Recorded data
==========

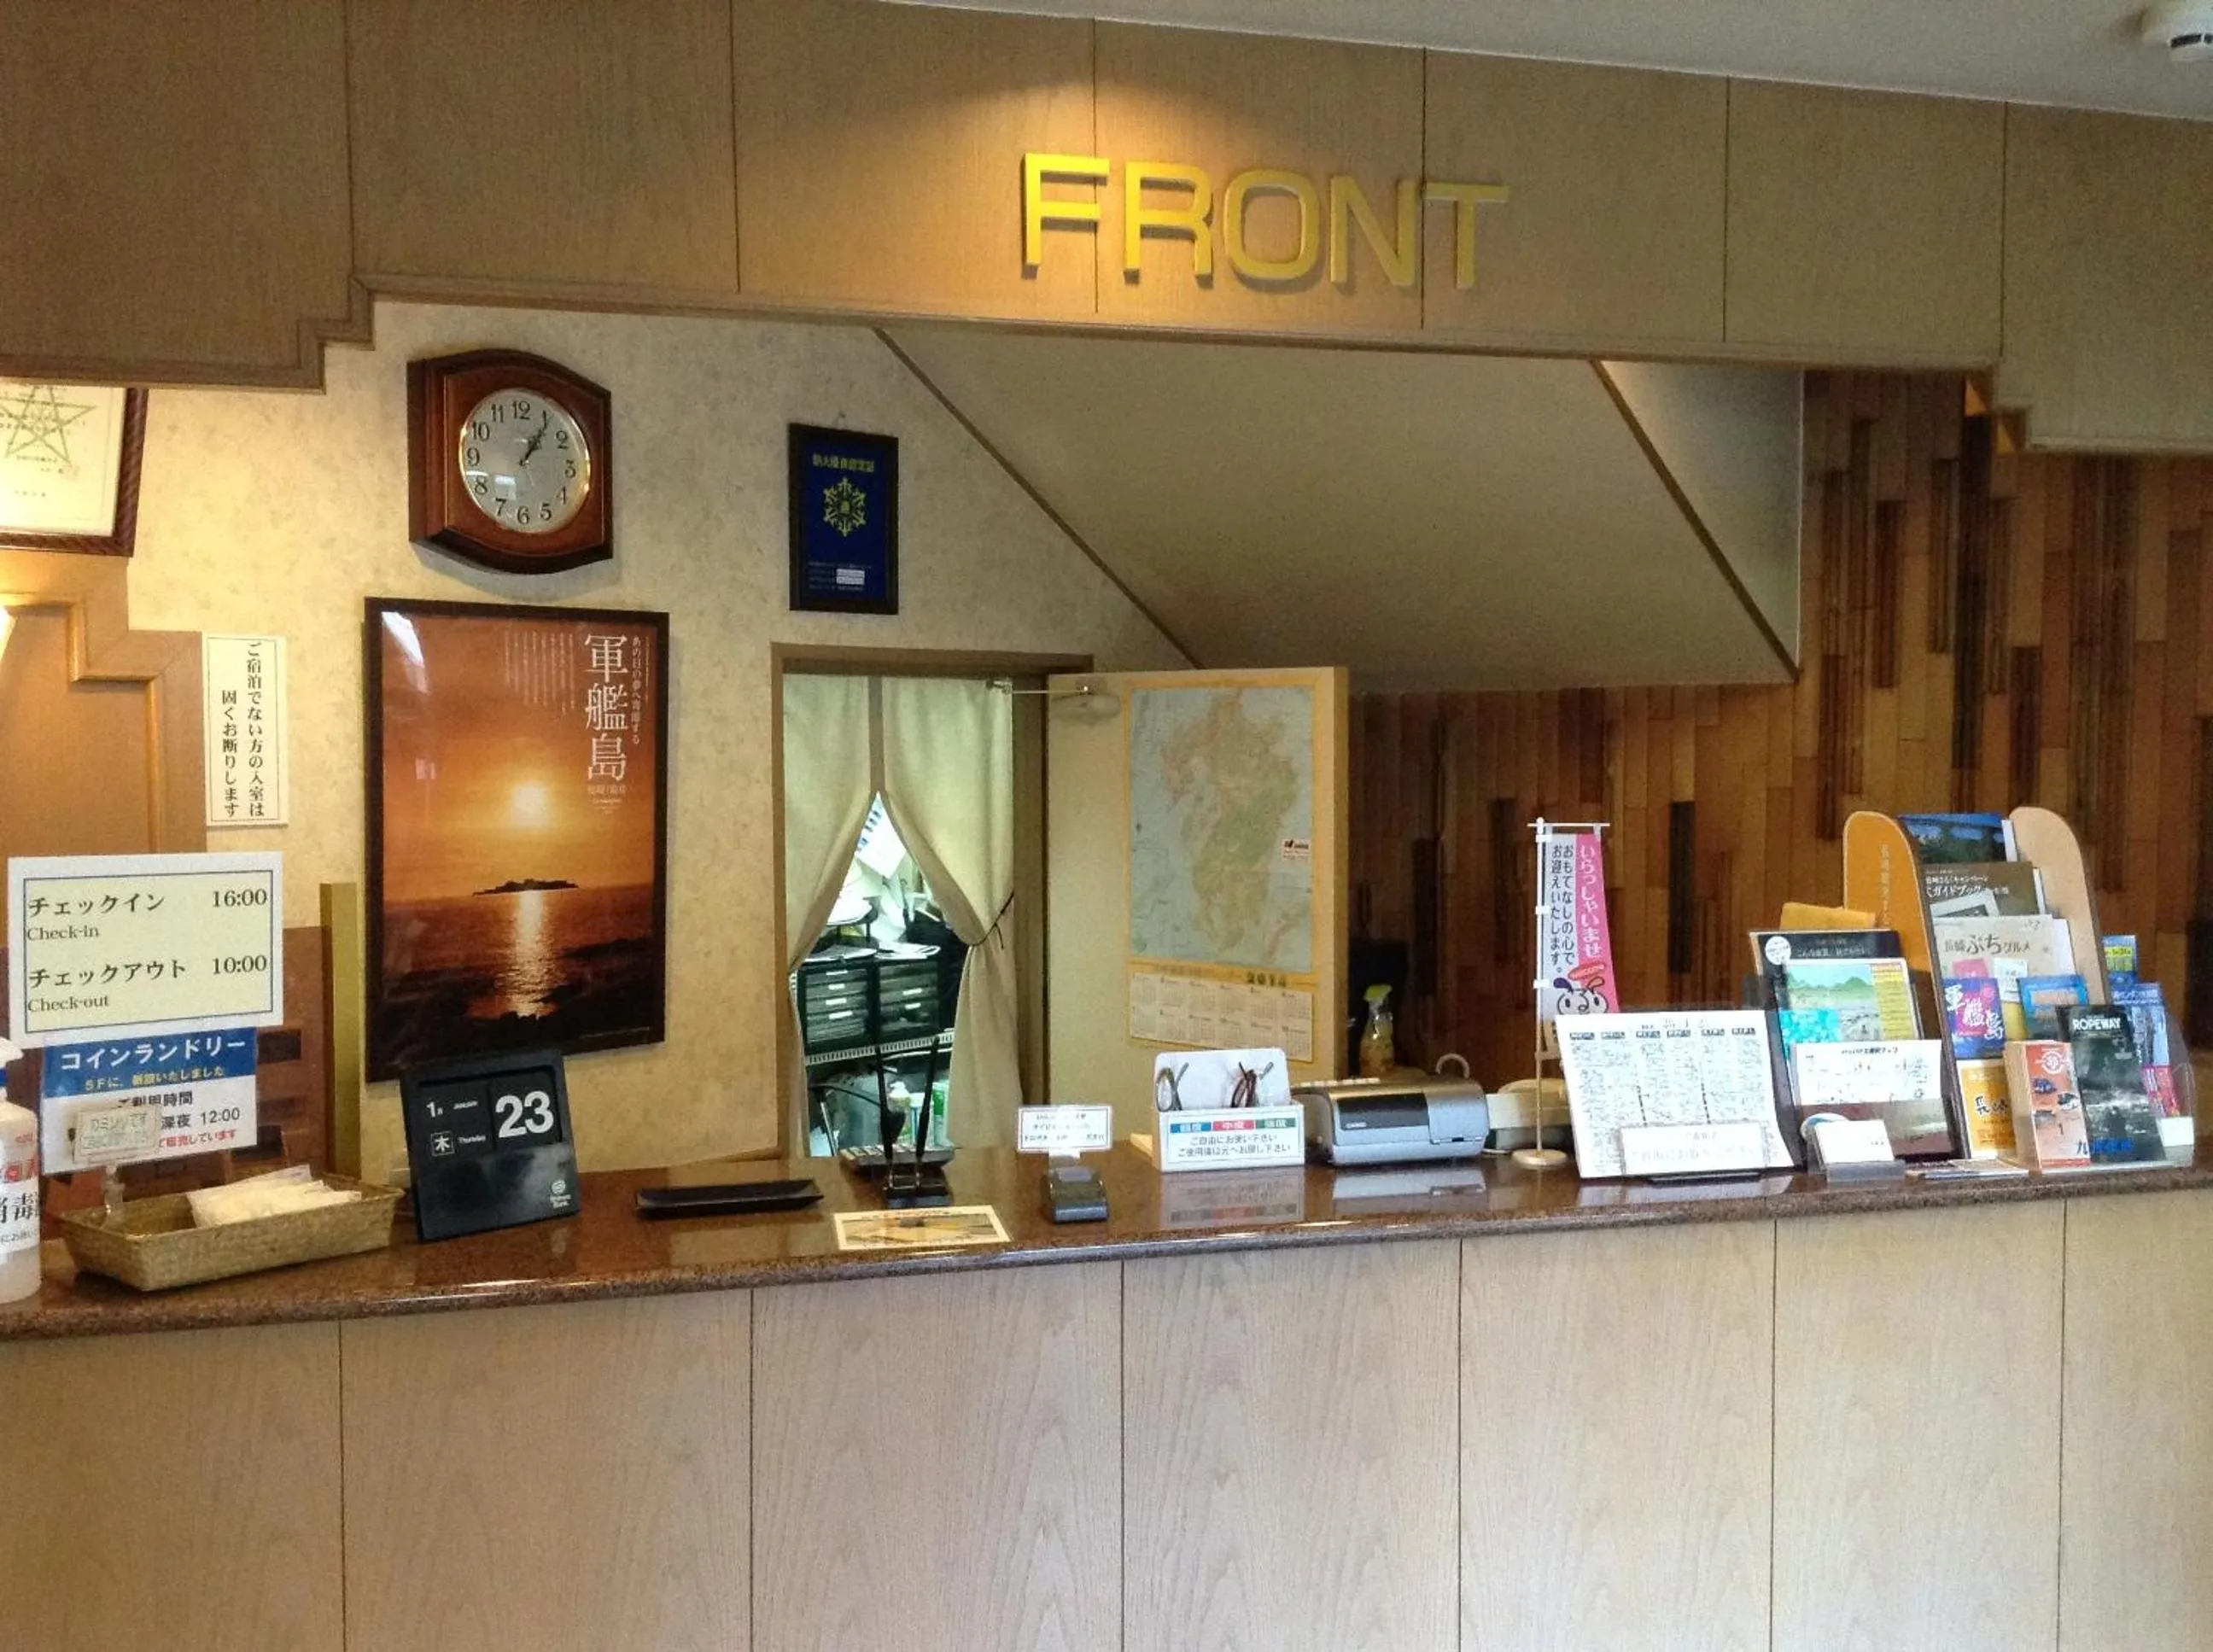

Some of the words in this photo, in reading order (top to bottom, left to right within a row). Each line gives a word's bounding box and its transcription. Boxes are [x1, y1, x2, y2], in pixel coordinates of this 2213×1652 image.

[1024, 153, 1509, 290] FRONT
[491, 404, 505, 423] 11
[512, 400, 531, 420] 12
[472, 422, 490, 441] 10
[556, 430, 568, 449] 2
[467, 447, 480, 466] 9
[564, 460, 576, 478] 3
[475, 476, 488, 494] 8
[556, 487, 568, 505] 4
[495, 498, 507, 517] 7
[517, 505, 530, 524] 6
[540, 504, 552, 521] 5
[584, 633, 629, 781] 軍艦島
[247, 642, 265, 817] ご宿泊でない方の入室は
[222, 690, 239, 817] 固くお断りします
[28, 892, 166, 918] チェックイン
[213, 888, 268, 908] 16:00
[1562, 845, 1575, 966] おもてなしの心で
[1580, 845, 1601, 957] いらっしゃいませ
[26, 925, 100, 940] Check-in
[28, 959, 186, 989] チェックアウト
[213, 954, 267, 975] 10:00
[27, 995, 110, 1013] Check-out
[2073, 1018, 2121, 1030] ROPEWAY
[61, 1036, 246, 1071] コインランドリー
[200, 1107, 241, 1125] 12:00
[495, 1090, 554, 1138] 23
[435, 1135, 450, 1153] 木

==========

> _About this task_
Leaving the pictures aside, repeat the data above exactly.

> _Exercise solution_
Some of the words in this photo, in reading order (top to bottom, left to right within a row). Each line gives a word's bounding box and its transcription. Boxes are [x1, y1, x2, y2], in pixel coordinates of this 2213×1652 image.

[1024, 153, 1509, 290] FRONT
[491, 404, 505, 423] 11
[512, 400, 531, 420] 12
[472, 422, 490, 441] 10
[556, 430, 568, 449] 2
[467, 447, 480, 466] 9
[564, 460, 576, 478] 3
[475, 476, 488, 494] 8
[556, 487, 568, 505] 4
[495, 498, 507, 517] 7
[517, 505, 530, 524] 6
[540, 504, 552, 521] 5
[584, 633, 629, 781] 軍艦島
[247, 642, 265, 817] ご宿泊でない方の入室は
[222, 690, 239, 817] 固くお断りします
[28, 892, 166, 918] チェックイン
[213, 888, 268, 908] 16:00
[1562, 845, 1575, 966] おもてなしの心で
[1580, 845, 1601, 957] いらっしゃいませ
[26, 925, 100, 940] Check-in
[28, 959, 186, 989] チェックアウト
[213, 954, 267, 975] 10:00
[27, 995, 110, 1013] Check-out
[2073, 1018, 2121, 1030] ROPEWAY
[61, 1036, 246, 1071] コインランドリー
[200, 1107, 241, 1125] 12:00
[495, 1090, 554, 1138] 23
[435, 1135, 450, 1153] 木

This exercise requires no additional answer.